Stored items:
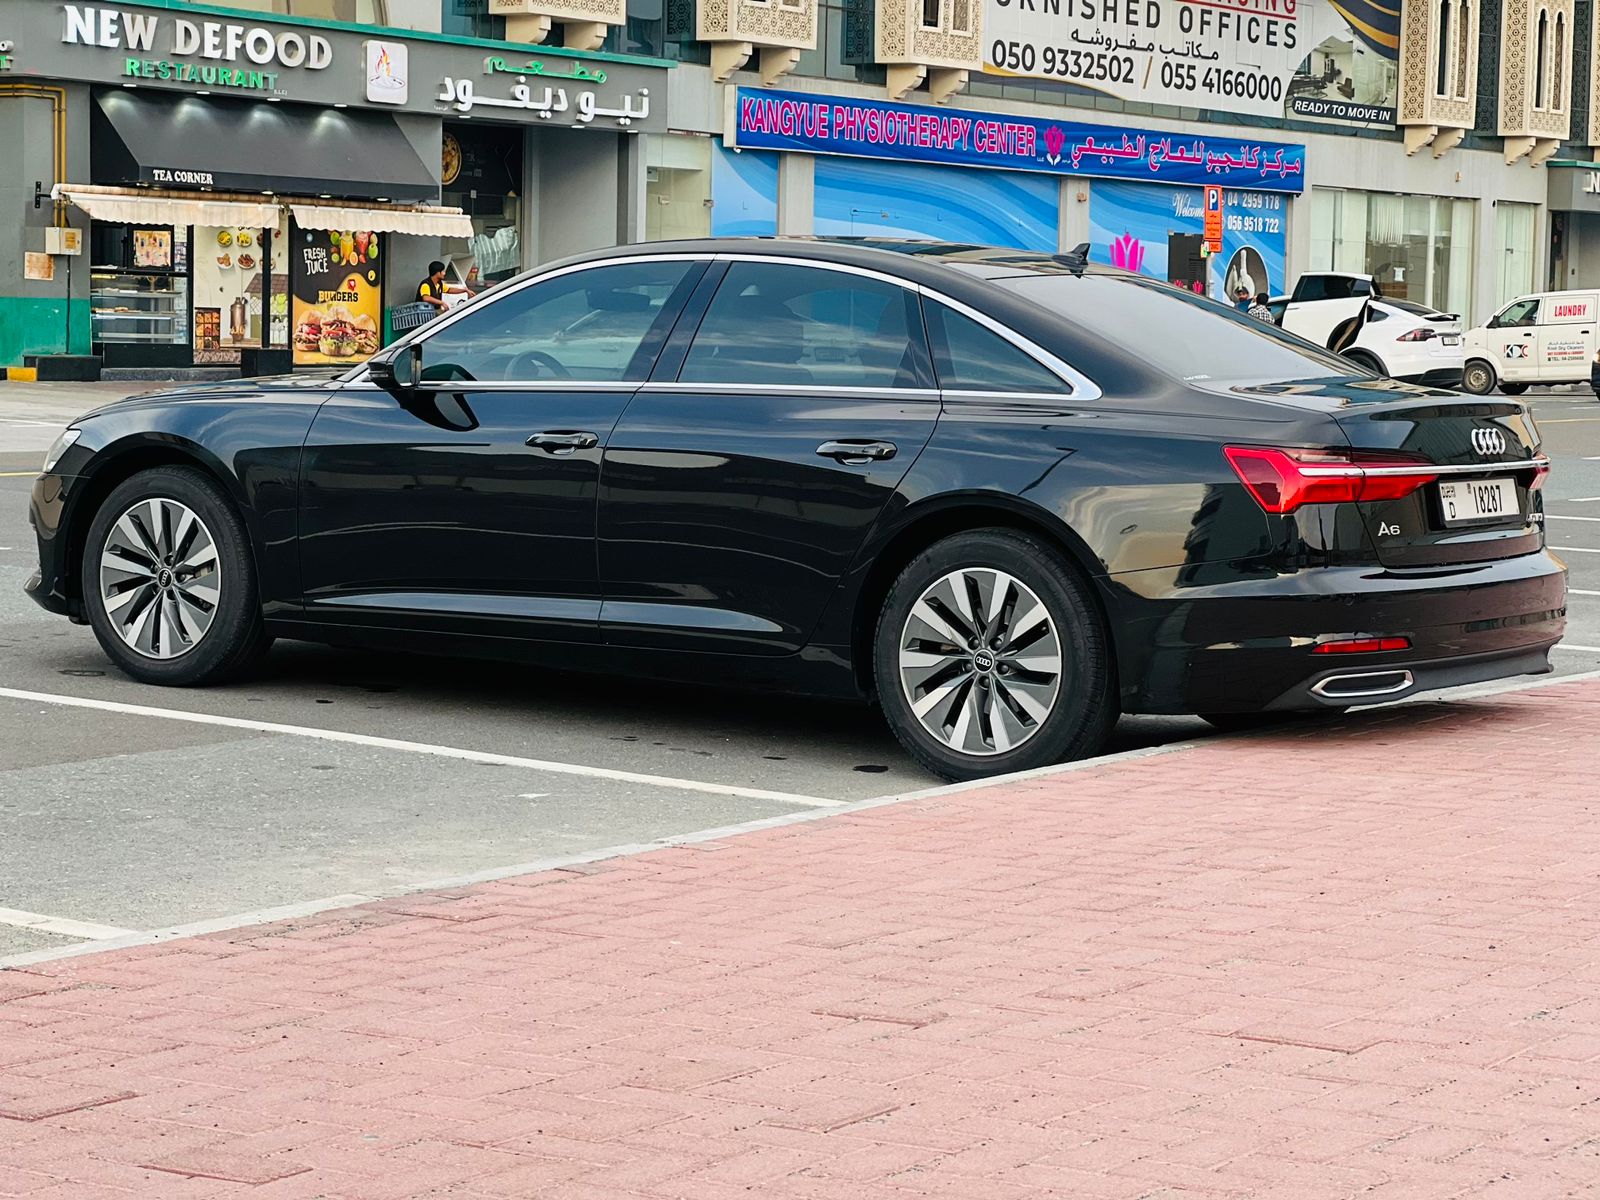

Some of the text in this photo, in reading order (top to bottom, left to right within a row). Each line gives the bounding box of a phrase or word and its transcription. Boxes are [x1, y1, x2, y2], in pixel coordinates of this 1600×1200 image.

[995, 0, 1297, 50] NISHED OFFICES
[63, 5, 333, 70] NEW DEFOOD
[1070, 28, 1219, 61] مكاتب مفروشه
[124, 56, 278, 90] RESTAURANT
[483, 56, 607, 84] مطعم
[992, 39, 1036, 72] 050
[1042, 46, 1134, 84] 9332502
[1161, 60, 1197, 91] 055
[1201, 67, 1282, 102] 4166000
[436, 75, 649, 126] نيو ديفود
[1294, 100, 1391, 121] READY TO MOVE IN
[741, 96, 1037, 157] KANGYUE PHYSIOTHERAPY CENTER
[1071, 133, 1301, 179] مركز كانجيو للعلاج الطبيعي
[153, 169, 214, 184] TEA CORNER
[1209, 189, 1218, 210] P
[1227, 192, 1280, 210] 04 2959 178
[1227, 215, 1280, 233] 056 9518 722
[303, 247, 327, 261] FRESH
[304, 258, 329, 276] JUICE
[318, 290, 359, 302] BURGERS
[1554, 304, 1587, 317] LAUNDRY
[1473, 485, 1503, 514] 18287
[1377, 521, 1401, 537] A6

Work item ::
Print every entry exactly; omit the pictures.

The completed task ::
Some of the text in this photo, in reading order (top to bottom, left to right within a row). Each line gives the bounding box of a phrase or word and its transcription. Boxes are [x1, y1, x2, y2], in pixel coordinates of this 1600×1200 image.

[995, 0, 1297, 50] NISHED OFFICES
[63, 5, 333, 70] NEW DEFOOD
[1070, 28, 1219, 61] مكاتب مفروشه
[124, 56, 278, 90] RESTAURANT
[483, 56, 607, 84] مطعم
[992, 39, 1036, 72] 050
[1042, 46, 1134, 84] 9332502
[1161, 60, 1197, 91] 055
[1201, 67, 1282, 102] 4166000
[436, 75, 649, 126] نيو ديفود
[1294, 100, 1391, 121] READY TO MOVE IN
[741, 96, 1037, 157] KANGYUE PHYSIOTHERAPY CENTER
[1071, 133, 1301, 179] مركز كانجيو للعلاج الطبيعي
[153, 169, 214, 184] TEA CORNER
[1209, 189, 1218, 210] P
[1227, 192, 1280, 210] 04 2959 178
[1227, 215, 1280, 233] 056 9518 722
[303, 247, 327, 261] FRESH
[304, 258, 329, 276] JUICE
[318, 290, 359, 302] BURGERS
[1554, 304, 1587, 317] LAUNDRY
[1473, 485, 1503, 514] 18287
[1377, 521, 1401, 537] A6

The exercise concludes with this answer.